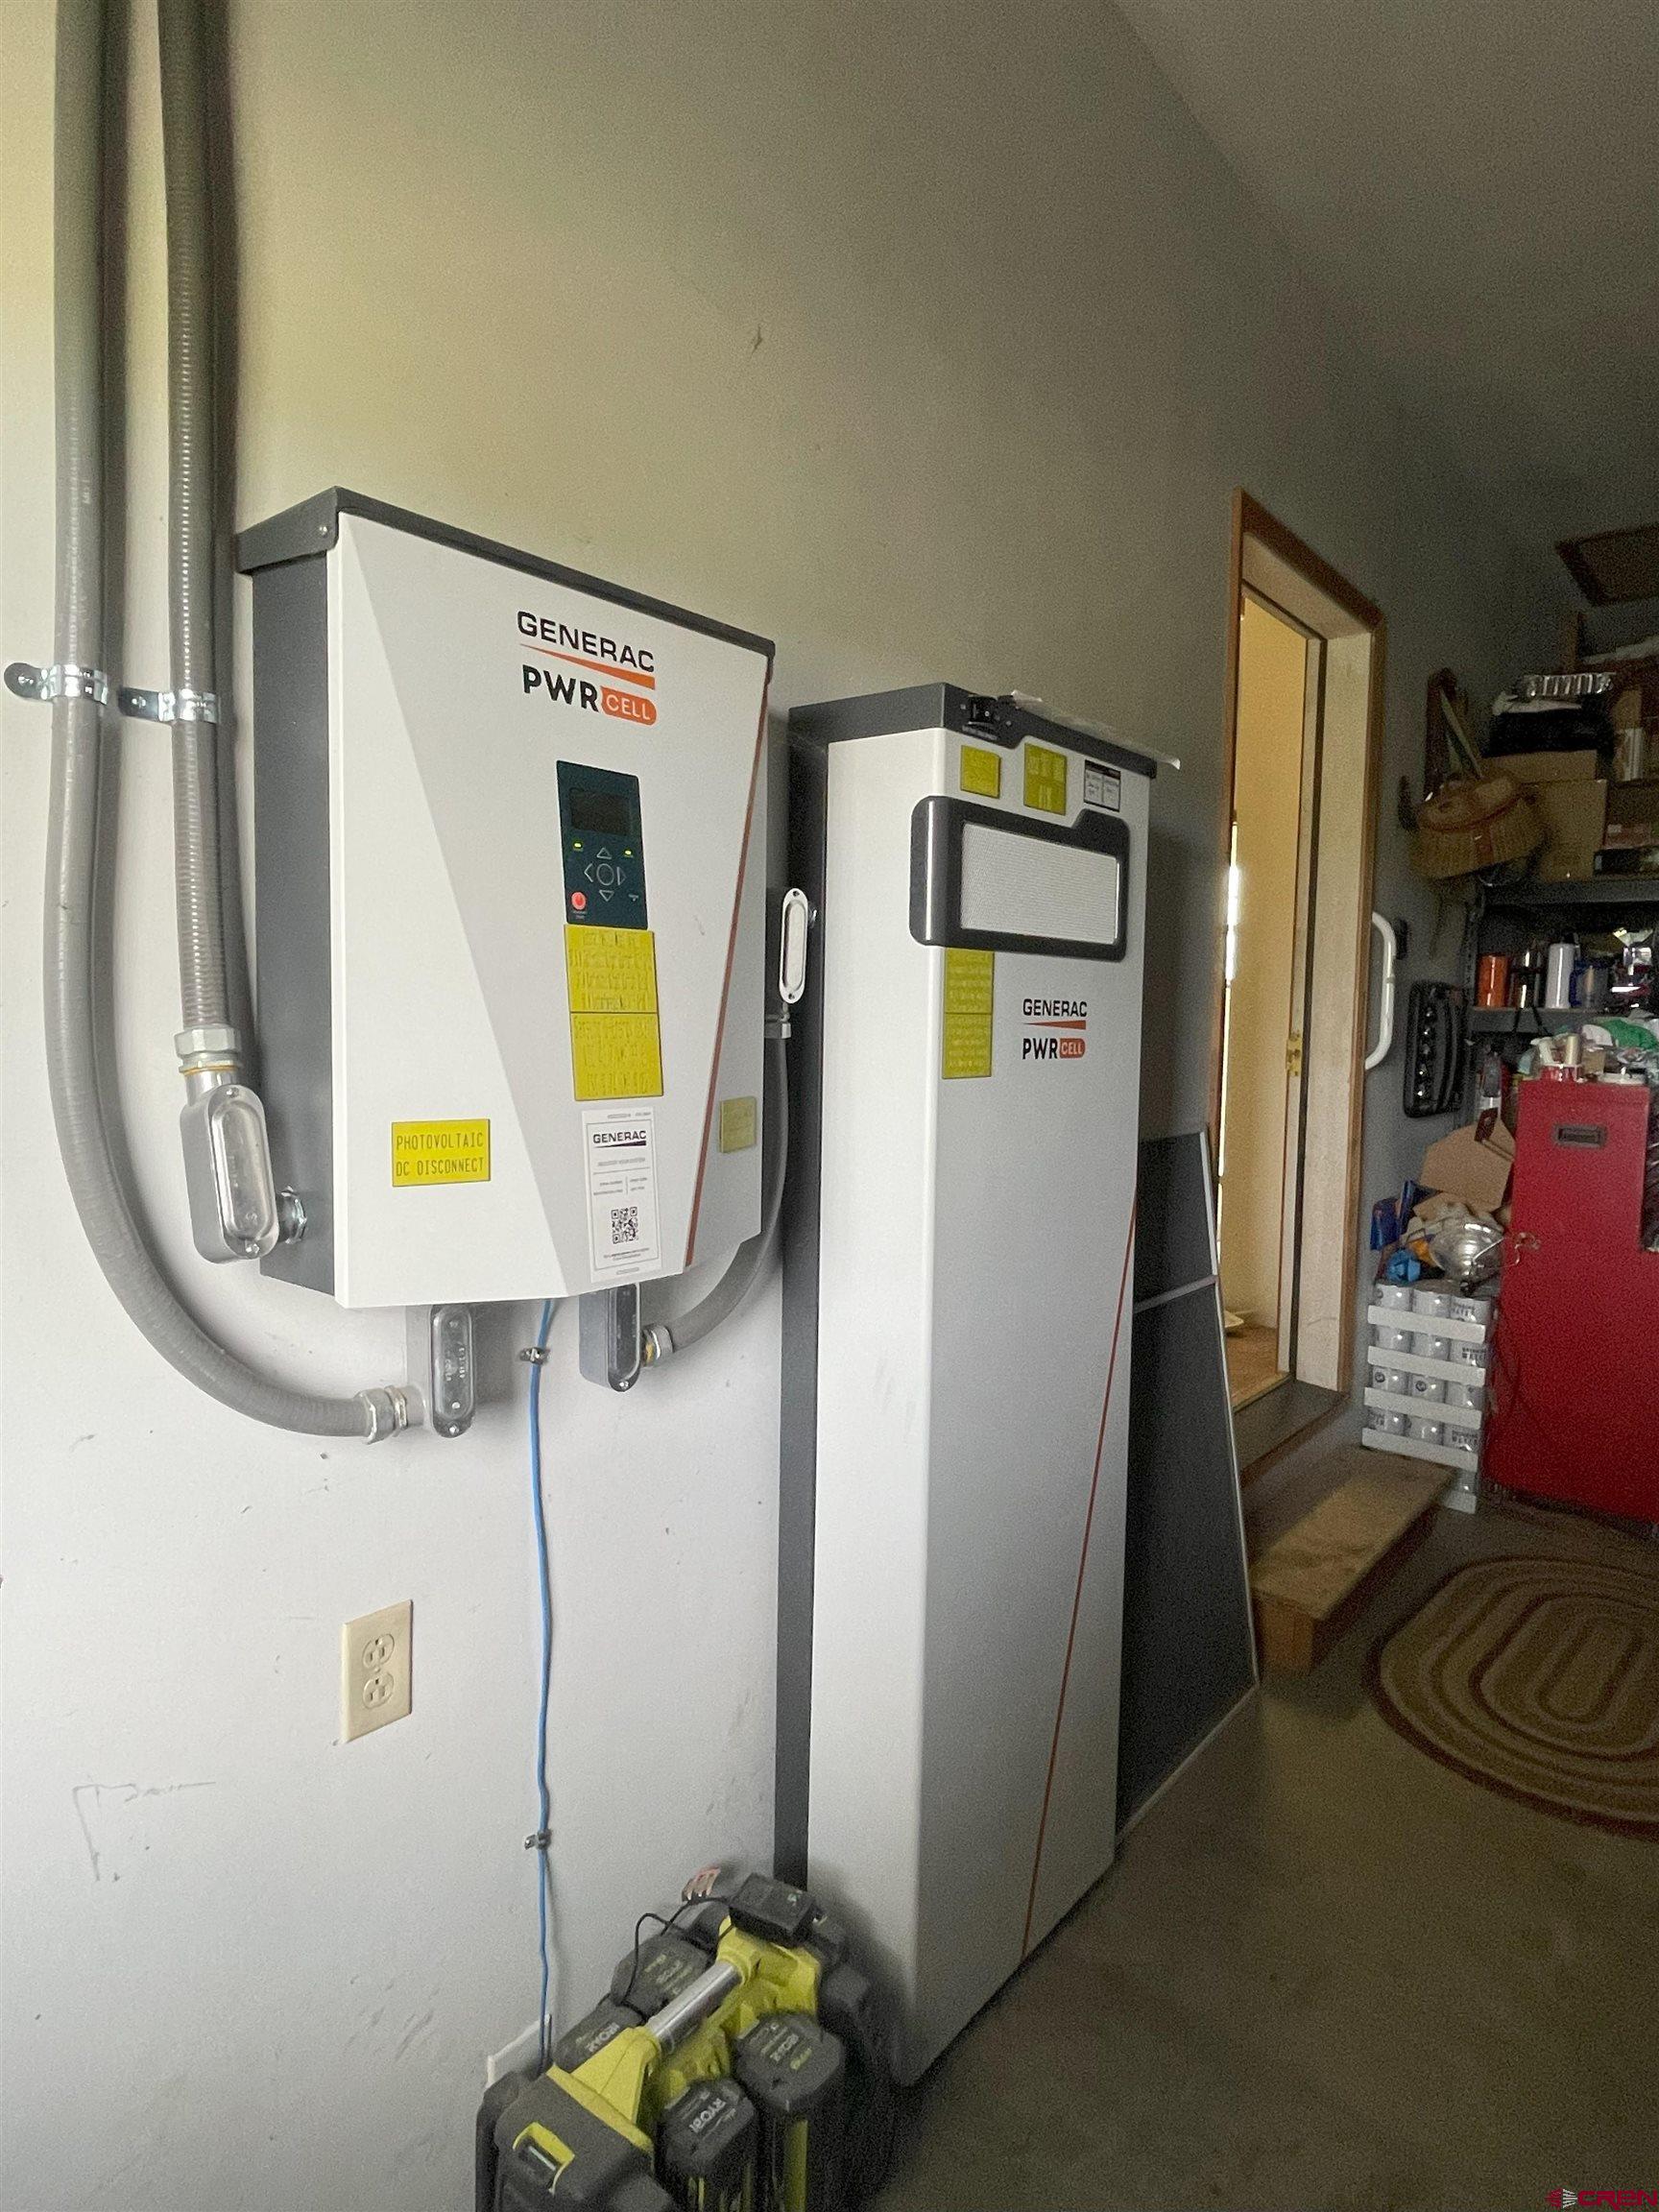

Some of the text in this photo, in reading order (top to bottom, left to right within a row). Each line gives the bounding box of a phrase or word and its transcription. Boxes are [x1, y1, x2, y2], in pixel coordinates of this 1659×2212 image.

[517, 611, 655, 672] GENERAC
[522, 664, 651, 720] PWR CELL
[1022, 998, 1088, 1018] GENERAC
[1022, 1038, 1084, 1060] PWR CELL
[396, 1132, 484, 1151] PHOTOVOLTAIC
[592, 1130, 647, 1144] GENERAC
[396, 1157, 484, 1177] DC DISCONNECT
[688, 2097, 727, 2133] RYOBI
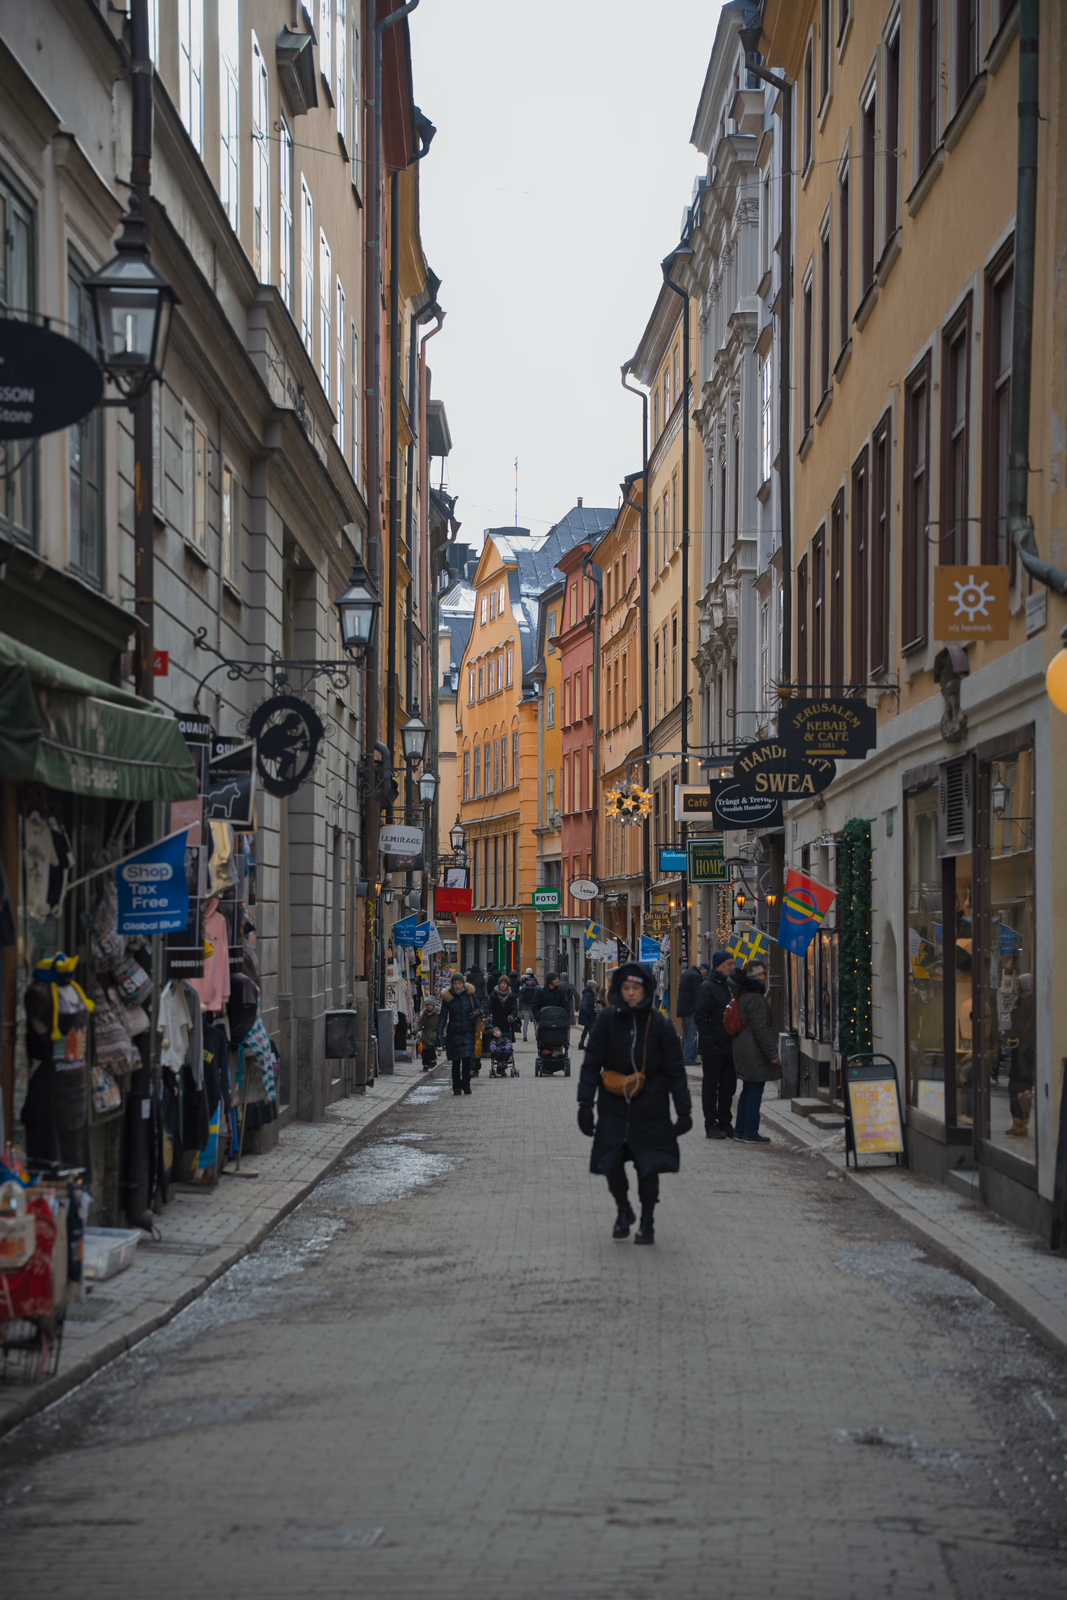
===
### Assignment
Print the entire listing precisely as written, omitting the images it holds.

### Written solution
Some of the text in this photo, in reading order (top to bottom, left to right within a row). Each line gives the bounding box of a phrase or word and its transcription. Boxes are [x1, y1, x2, y2], in pixel coordinates of this 1659×2212 image.

[517, 611, 655, 672] GENERAC
[522, 664, 651, 720] PWR CELL
[1022, 998, 1088, 1018] GENERAC
[1022, 1038, 1084, 1060] PWR CELL
[396, 1132, 484, 1151] PHOTOVOLTAIC
[592, 1130, 647, 1144] GENERAC
[396, 1157, 484, 1177] DC DISCONNECT
[688, 2097, 727, 2133] RYOBI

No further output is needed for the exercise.